L’ancien chef du parti Les Républicains (LR) a donc appelé les militant·es à « résister et à choisir librement leur destin », dans une démocratie menacée pêle-mêle par « l’interdiction d’une chaîne de télévision [en référence à C8 – ndlr] » ou par « des fronts républicains, un cordon sanitaire honteux », qui privent les Français d’une « alternative à droite ».
Éric Ciotti ne souhaite pas vivre une deuxième « confiscation de la démocratie française » telle qu’il l’avait vécue avec François Fillon et apporte ainsi tout son soutien au RN contre « un système sclérosé, rassis », et qui pourra libérer la France de « l’impôt, de l’immigration et de la violence ».

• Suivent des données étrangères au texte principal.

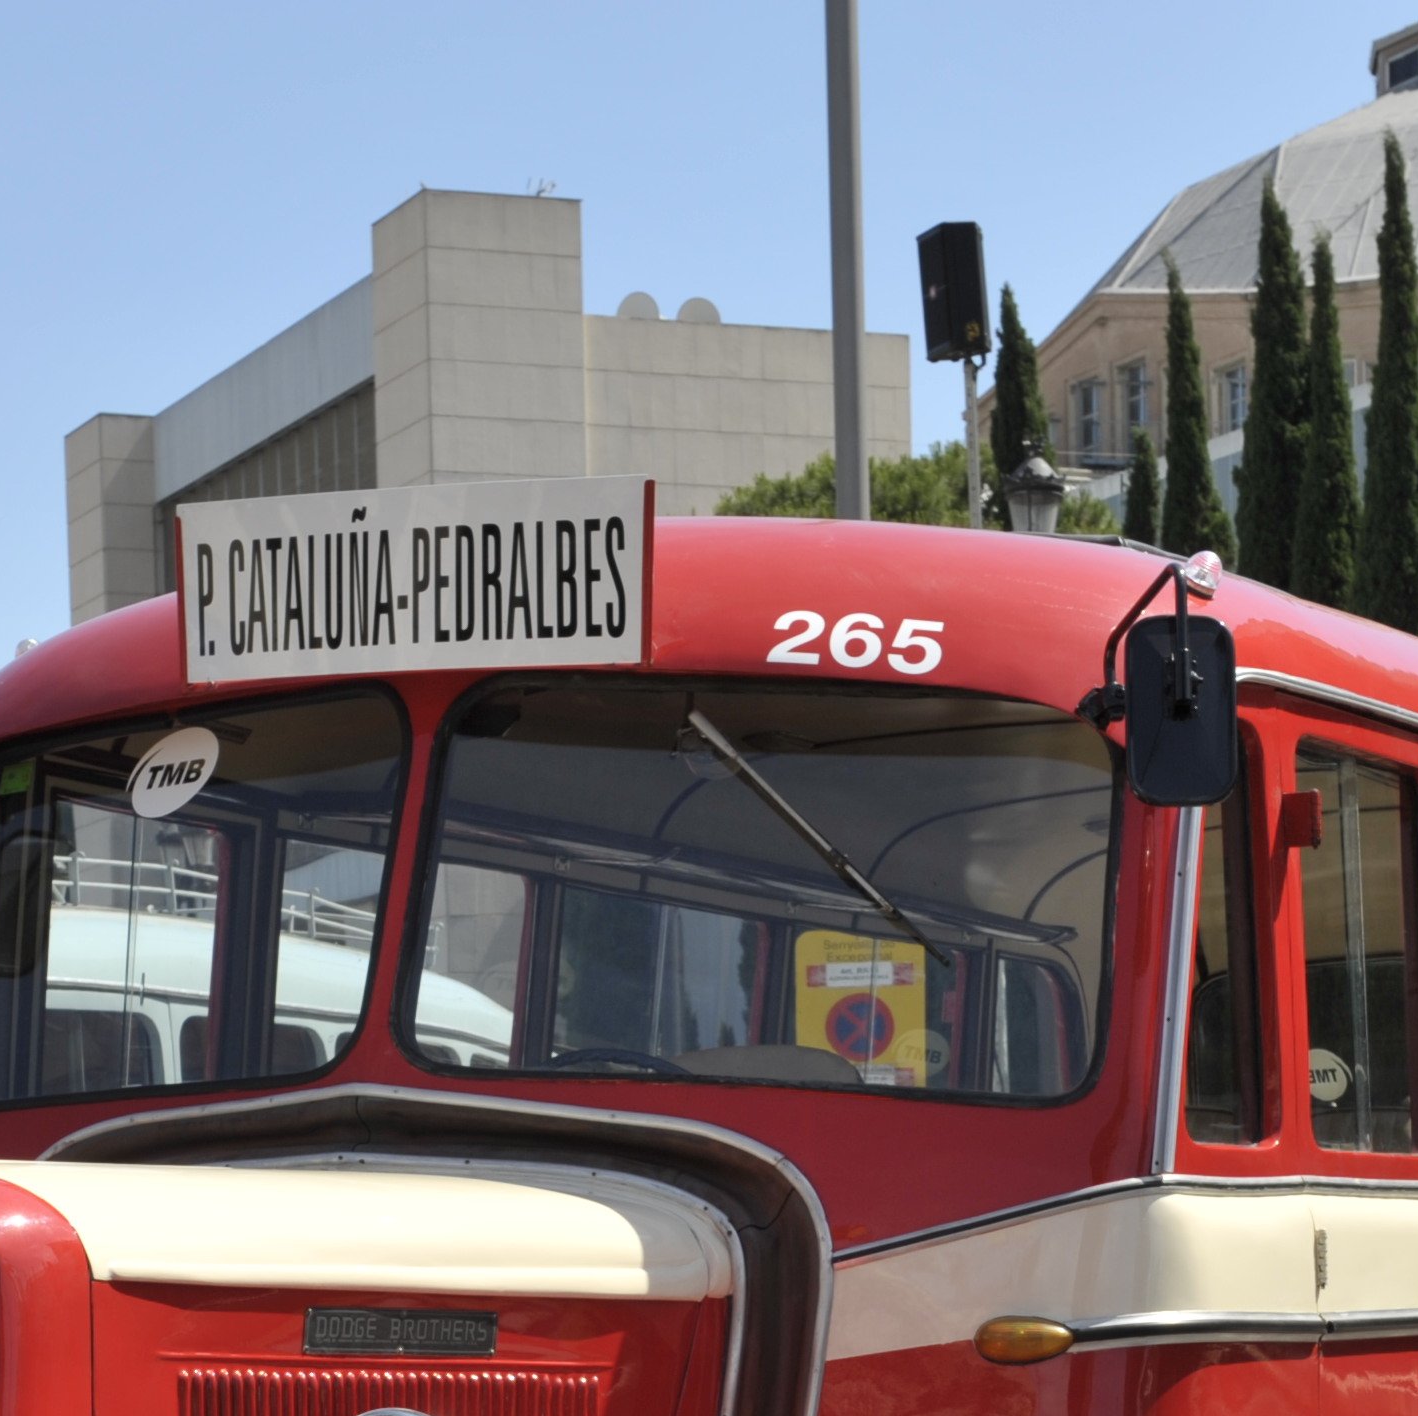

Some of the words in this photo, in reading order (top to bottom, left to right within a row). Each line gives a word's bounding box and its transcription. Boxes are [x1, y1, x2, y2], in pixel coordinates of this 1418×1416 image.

[197, 543, 216, 656] P.
[228, 506, 626, 656] CATALUÑA-PEDRALBES
[766, 610, 944, 675] 265
[146, 758, 206, 790] TMB
[315, 1316, 377, 1338] DODGE
[390, 1318, 488, 1342] BROTHERS

« [À travers] Marine, c’est vous qu’ils souhaitent faire tomber », a-t-il conclu, avant de préciser que « le trouble à l’ordre public est une fable » car « pour eux, le trouble serait qu’elle gagne ».
« Selon que vous soyez puissant ou misérable, les juges de cour vous rendront blanc ou noir » : à ces mots, la foule a acclamé Louis Aliot, vice-président du RN, lui aussi condamné par le tribunal pour détournement de fonds publics. Le maire de Perpignan a qualifié cette condamnation de « piège » destiiné à « empêcher [le RN] d’arriver aux affaires ». Les 4,1 millions d’euros détournés sont quant à eux présentés comme « une affaire de persécution », venant « de l’oligarchie » et « relayée en particulier par l’ancienne garde des Sceaux de François Hollande, Mme Taubira ».

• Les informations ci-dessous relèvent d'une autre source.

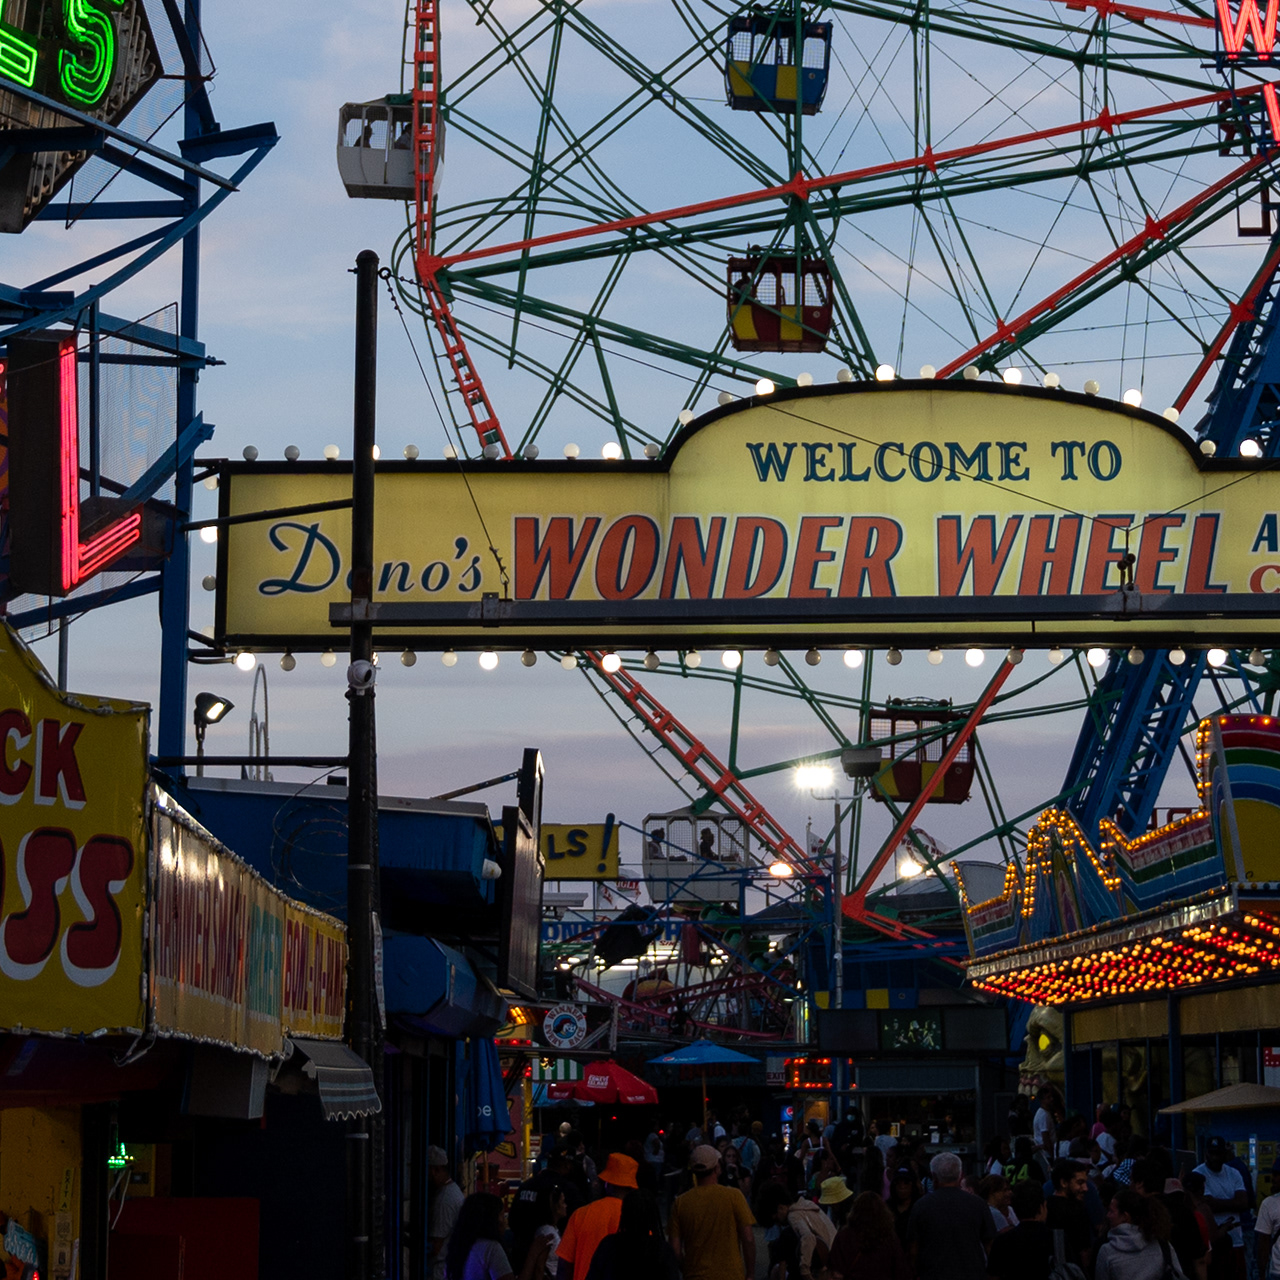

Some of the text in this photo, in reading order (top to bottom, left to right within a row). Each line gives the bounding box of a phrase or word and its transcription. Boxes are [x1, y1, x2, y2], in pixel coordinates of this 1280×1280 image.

[745, 440, 1122, 483] WELCOME TO
[258, 513, 1228, 600] Dno's WONDER WHEEL
[548, 1005, 583, 1022] WINNER

Le vice-président du RN n’a pas hésité à dire qu’« aucun argent public n’[avait] été détourné ». Le parti d’extrême droite serait donc victime d’une « construction fictive », et Louis Aliot va jusqu’à alléguer que « des faux en écritures publiques » ont été faits pour le condamner.

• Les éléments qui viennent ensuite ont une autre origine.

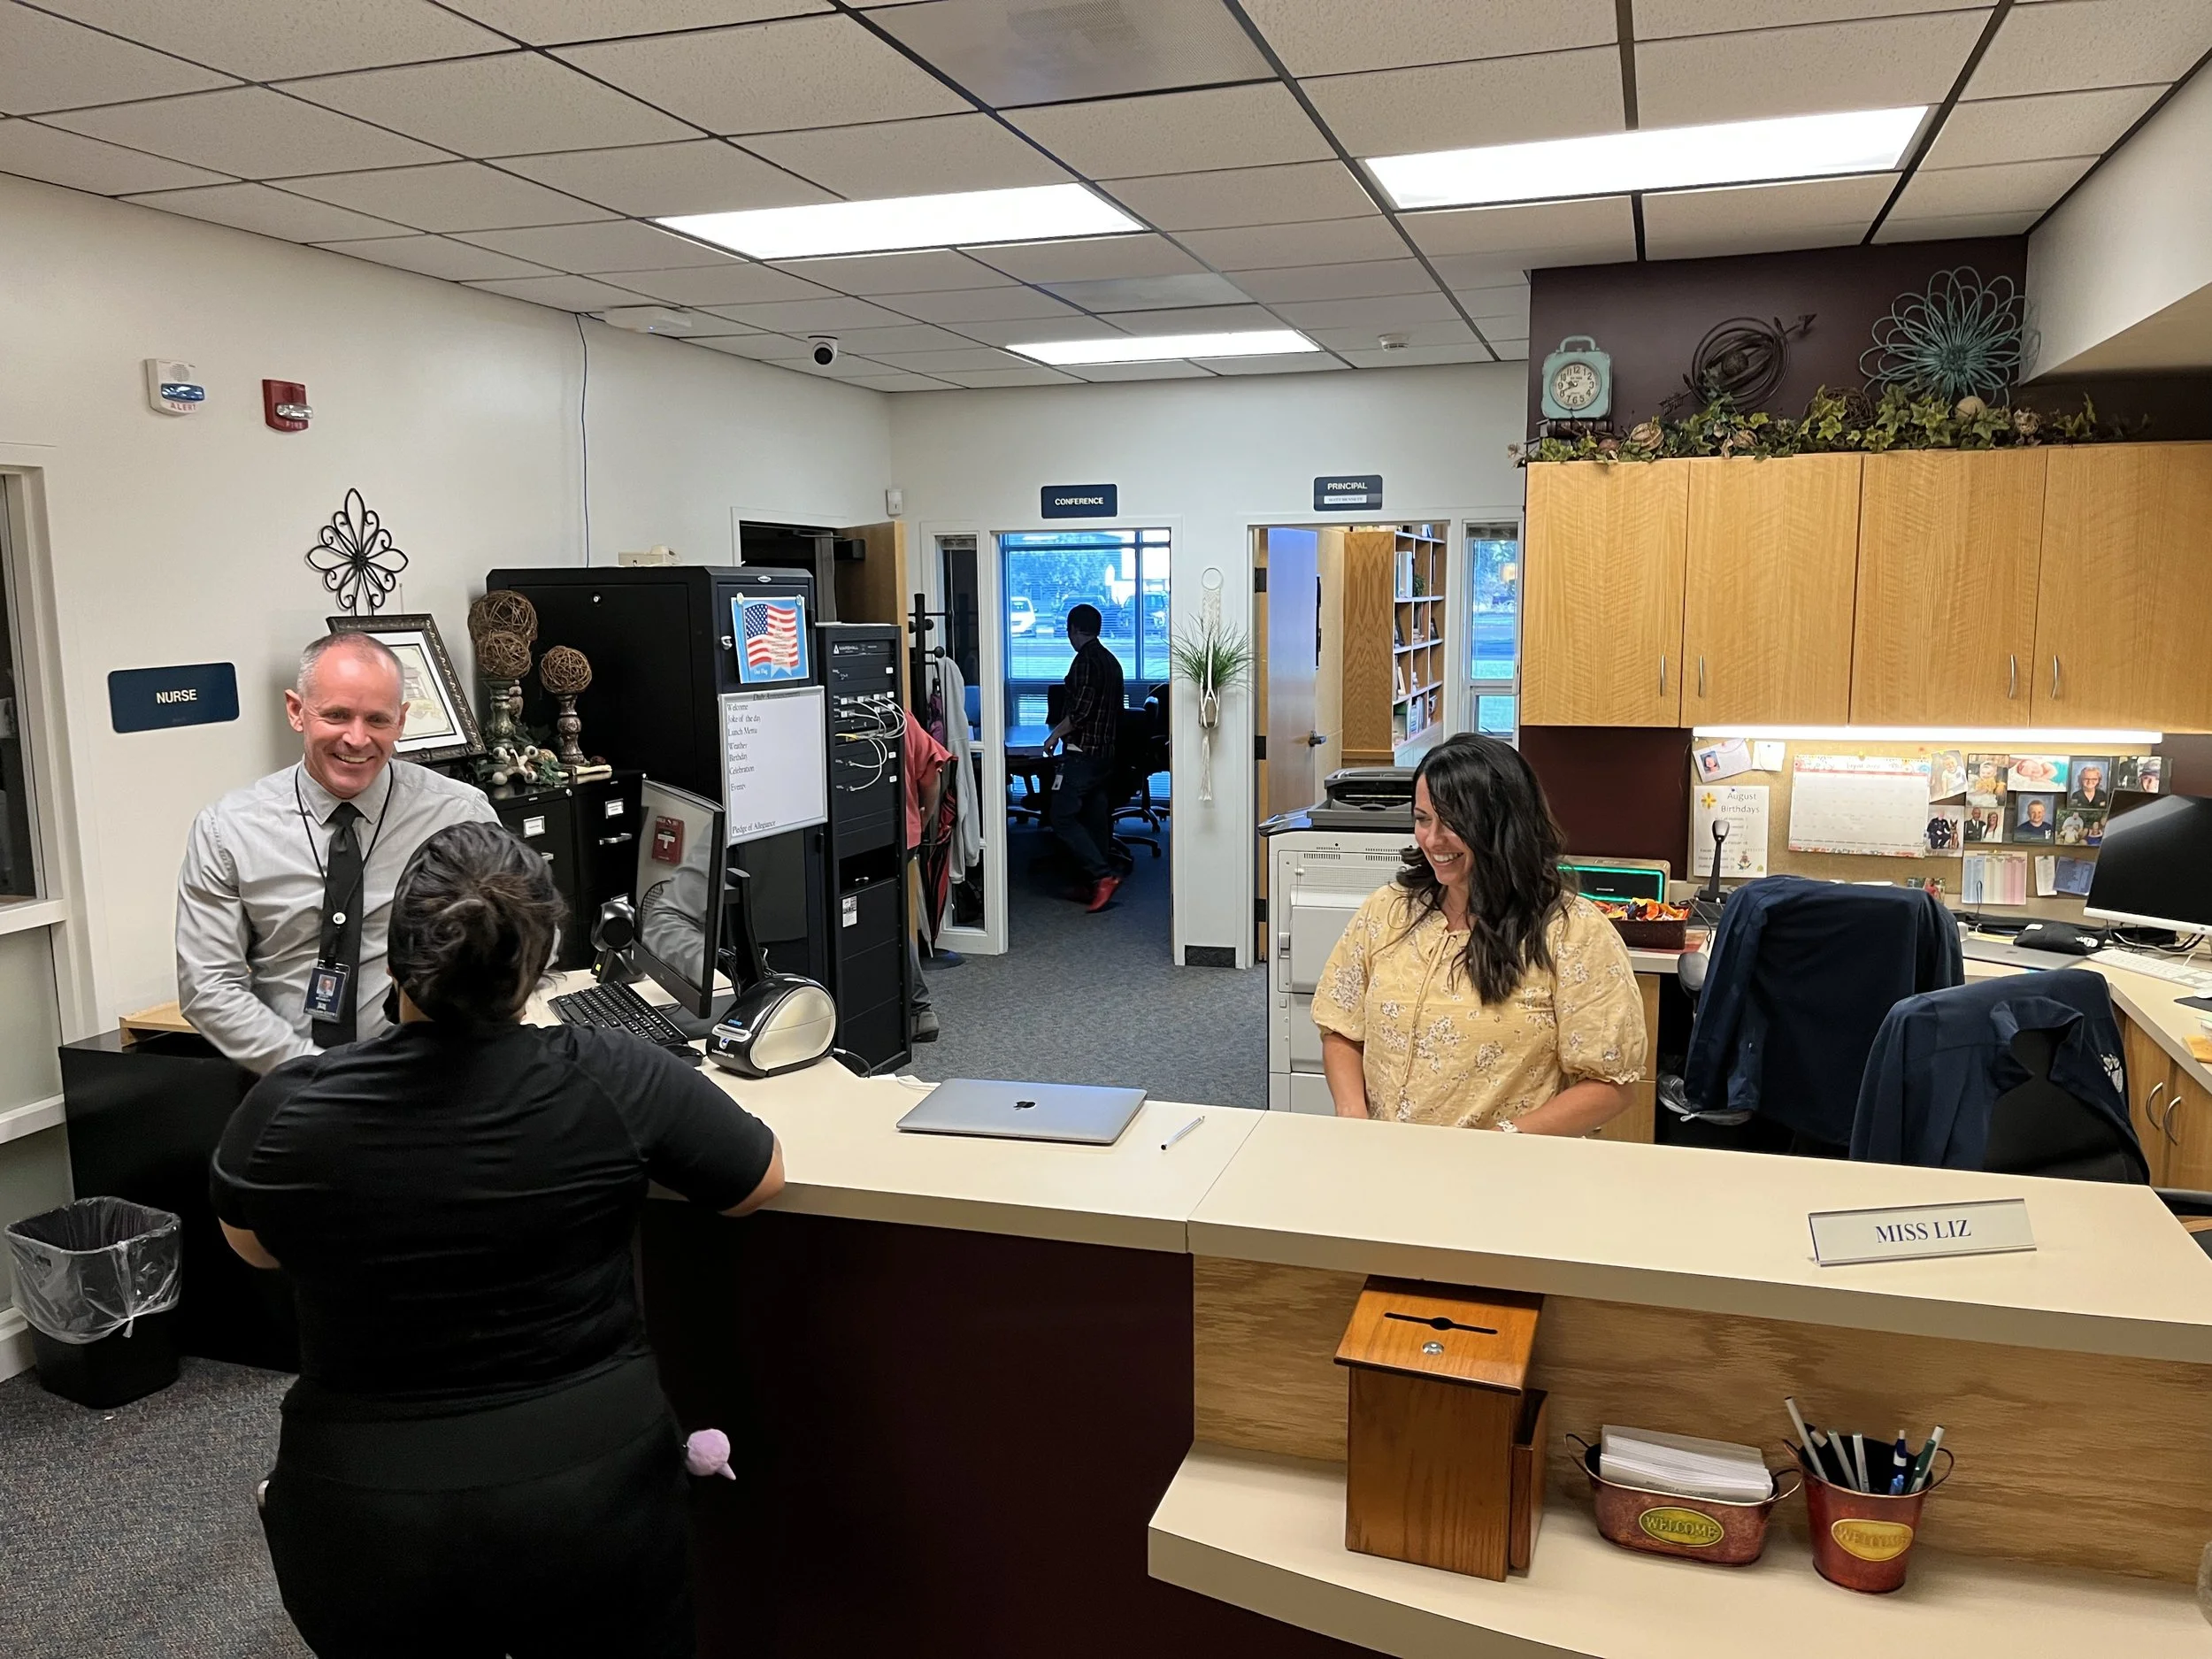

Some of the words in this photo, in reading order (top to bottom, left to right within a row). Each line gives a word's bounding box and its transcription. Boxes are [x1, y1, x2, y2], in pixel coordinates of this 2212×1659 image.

[170, 403, 197, 411] ALERT
[157, 689, 197, 703] NURSE
[727, 727, 743, 736] Lunch
[1727, 793, 1756, 802] August
[1721, 805, 1760, 814] Birthdays
[1875, 1222, 1929, 1243] MISS
[1932, 1219, 1972, 1239] LIZ
[1646, 1516, 1719, 1538] WELCOME
[1835, 1525, 1910, 1548] WELCOME

Prenant pour exemple des trafiquants de drogue qui seraient, selon lui, trop faiblement condamnés, il n’y a qu’un pas, qu’il franchit sans difficulté, pour en conclure que « les décisions de justice mettent en péril la démocratie ».
Avant le tour de parole de Jordan Bardella, sur les écrans qui entourent la scène sont projetés des extraits d’interviews de politiques soutenant Marine Le Pen. C’est toute l’extrême droite européenne qui défile avec notamment l’Italien Matteo Salvini et le Hongrois Viktor Orbán, qui a récemment promis d’éliminer ses opposants politiques, les juges, les médias, et les ONG.
« Injuste et scandaleuse » : Jordan Bardella emboîte ainsi le pas de ses prédécesseurs sur le podium, Louis Aliot et Éric Ciotti, pour qualifier une décision de justice motivée de façon « grossière et militante ». Se défendant de « remettre en cause la séparation des pouvoirs », il a néanmoins appelé à « s’indigner face aux pressions de certaines organisations » visant directement « le Syndicat de la magistrature » et le « tiers des magistrats syndiqués » qui « ont fait appel à faire barrage » au parti d’extrême droite. Le président du RN a appelé les militants à combattre contre « cette chasse à l’homme lancé par la gauche » et à continuer de soutenir un parti qui saura mettre fin « au politiquement correct, au wokisme et à l’islamisme ».